Section 6.01 Bylaws. In furtherance and not in limitation of the powers conferred upon it by law, the Board and the stockholders shall have the power to adopt, amend, alter or repeal the Bylaws as set out at Article XI below.

Article VII. MEETINGS OF STOCKHOLDERS; ACTION BY WRITTEN CONSENT

Section 7.01 Meetings. Subject to the rights of the holders of any outstanding series of the Preferred Stock, and to the requirements of applicable law, special meetings of stockholders of the Corporation may be called only by the chairman of the Board, chief executive officer or president of the Corporation, or the Board pursuant to a resolution adopted by a majority of the Board, and the stockholders shall have no right to call a special meeting.

Section 7.02 Advance Notice. Advance notice of stockholder nominations for the election of directors and of business to be brought by stockholders before any meeting of the stockholders of the Corporation shall be given in the manner provided in the Bylaws.

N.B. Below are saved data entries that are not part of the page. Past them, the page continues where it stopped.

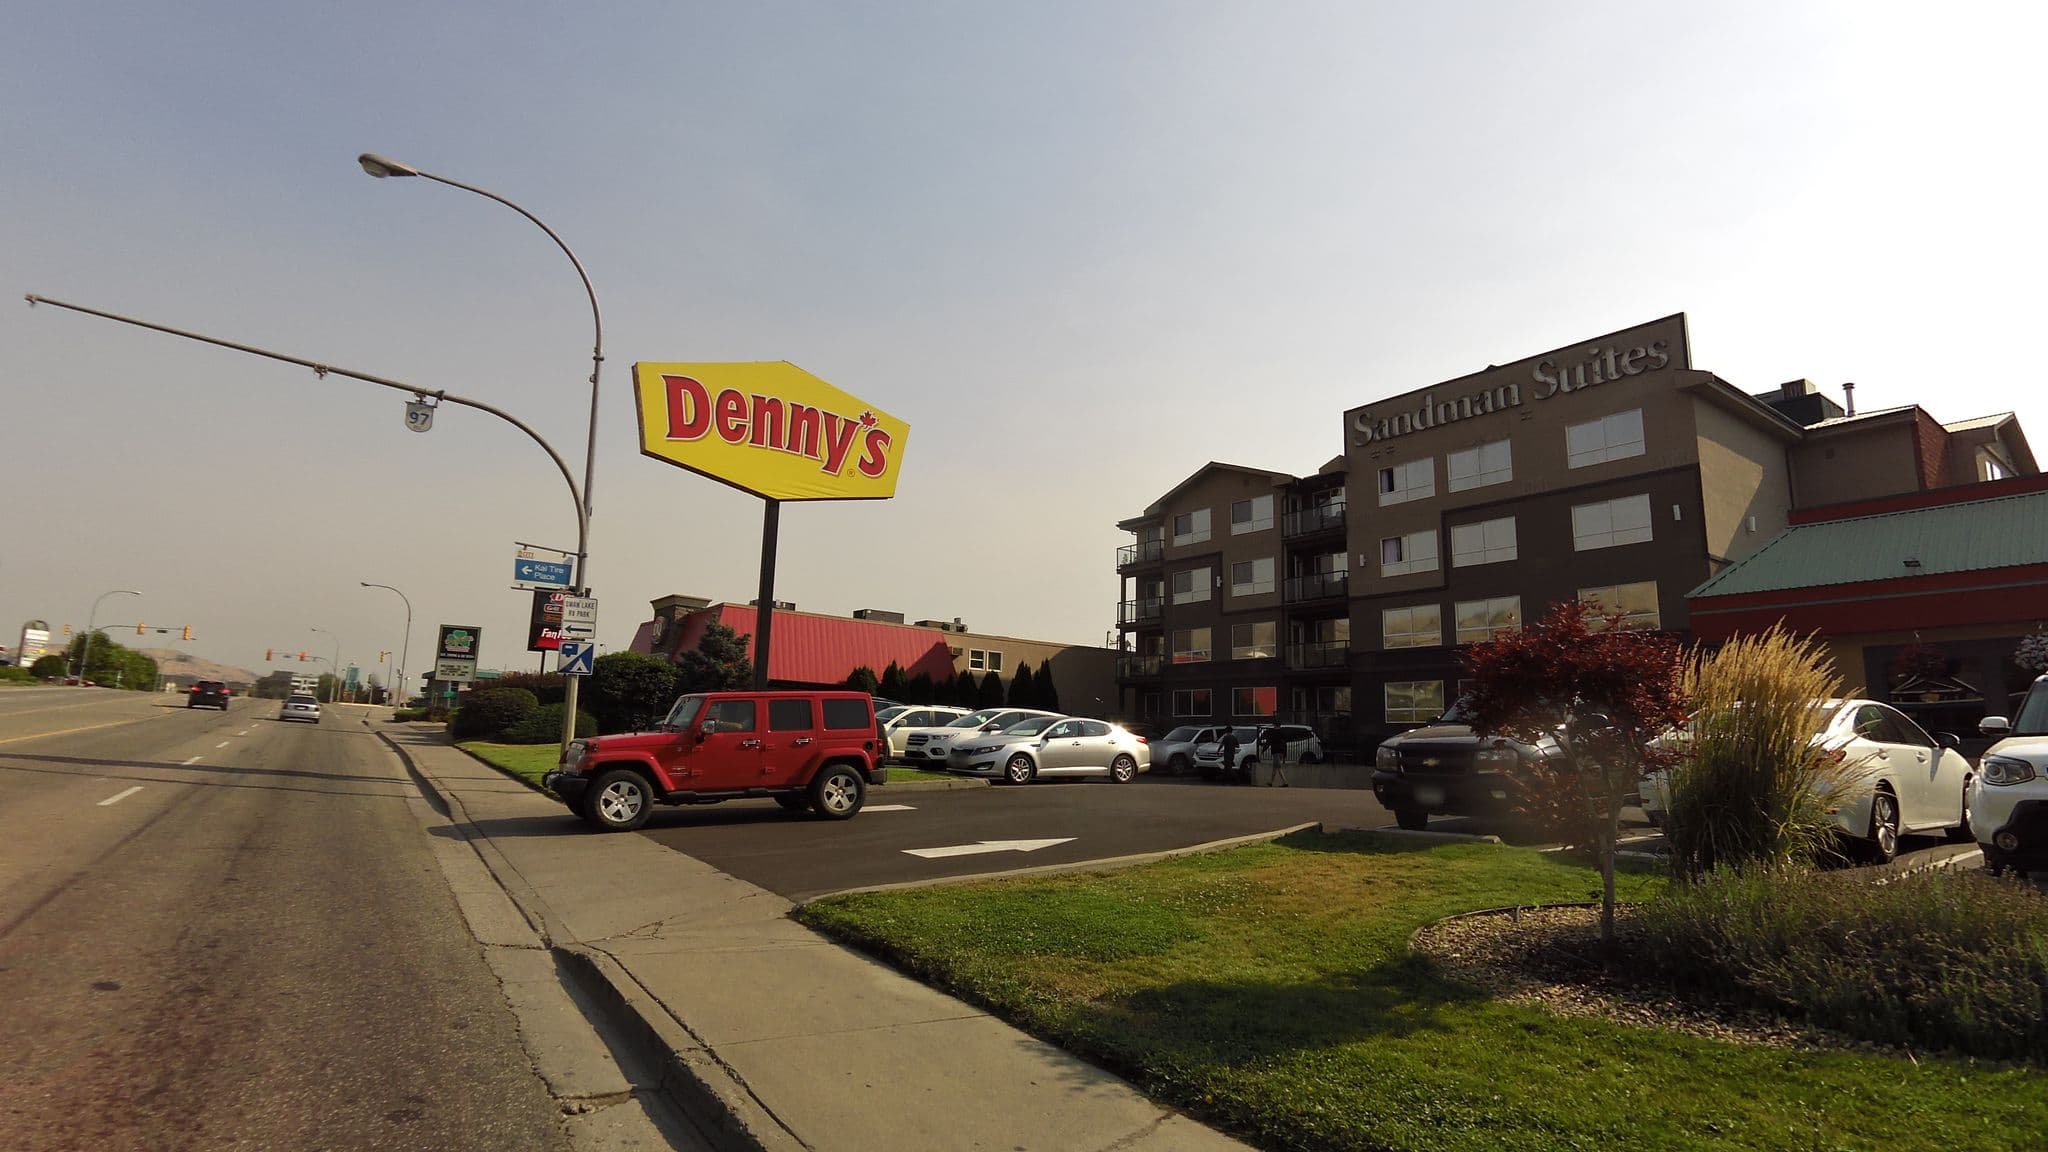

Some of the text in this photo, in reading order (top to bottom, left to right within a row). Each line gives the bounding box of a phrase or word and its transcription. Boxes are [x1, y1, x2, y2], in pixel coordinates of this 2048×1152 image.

[1353, 337, 1670, 448] Sandman Suites
[409, 411, 430, 425] 97
[660, 374, 893, 478] Denny's
[549, 565, 564, 574] Tire
[534, 572, 555, 580] Place
[581, 602, 595, 610] LAKE
[576, 610, 590, 618] PARK

Section 7.03 Action by Written Consent. Any action required or permitted to be taken by the stockholders of the Corporation may be effected by written consent of the stockholders holding the requisite number of shares required to approve such action.

Article VIII. LIMITED LIABILITY; INDEMNIFICATION

Section 8.01 Limitation of Director Liability. A director of the Corporation shall not be liable to the Corporation or its stockholders for monetary damages for breach of fiduciary duty as a director, except to the extent such exemption from liability or limitation thereof is not permitted under the DGCL as the same exists or may hereafter be amended. Any amendment, modification or repeal of the foregoing sentence shall not adversely affect any right or protection of a director of the Corporation hereunder in respect of any act or omission occurring prior to the time of such amendment, modification or repeal.


Section 8.02 Indemnification and Advancement of Expenses.

 

  (a)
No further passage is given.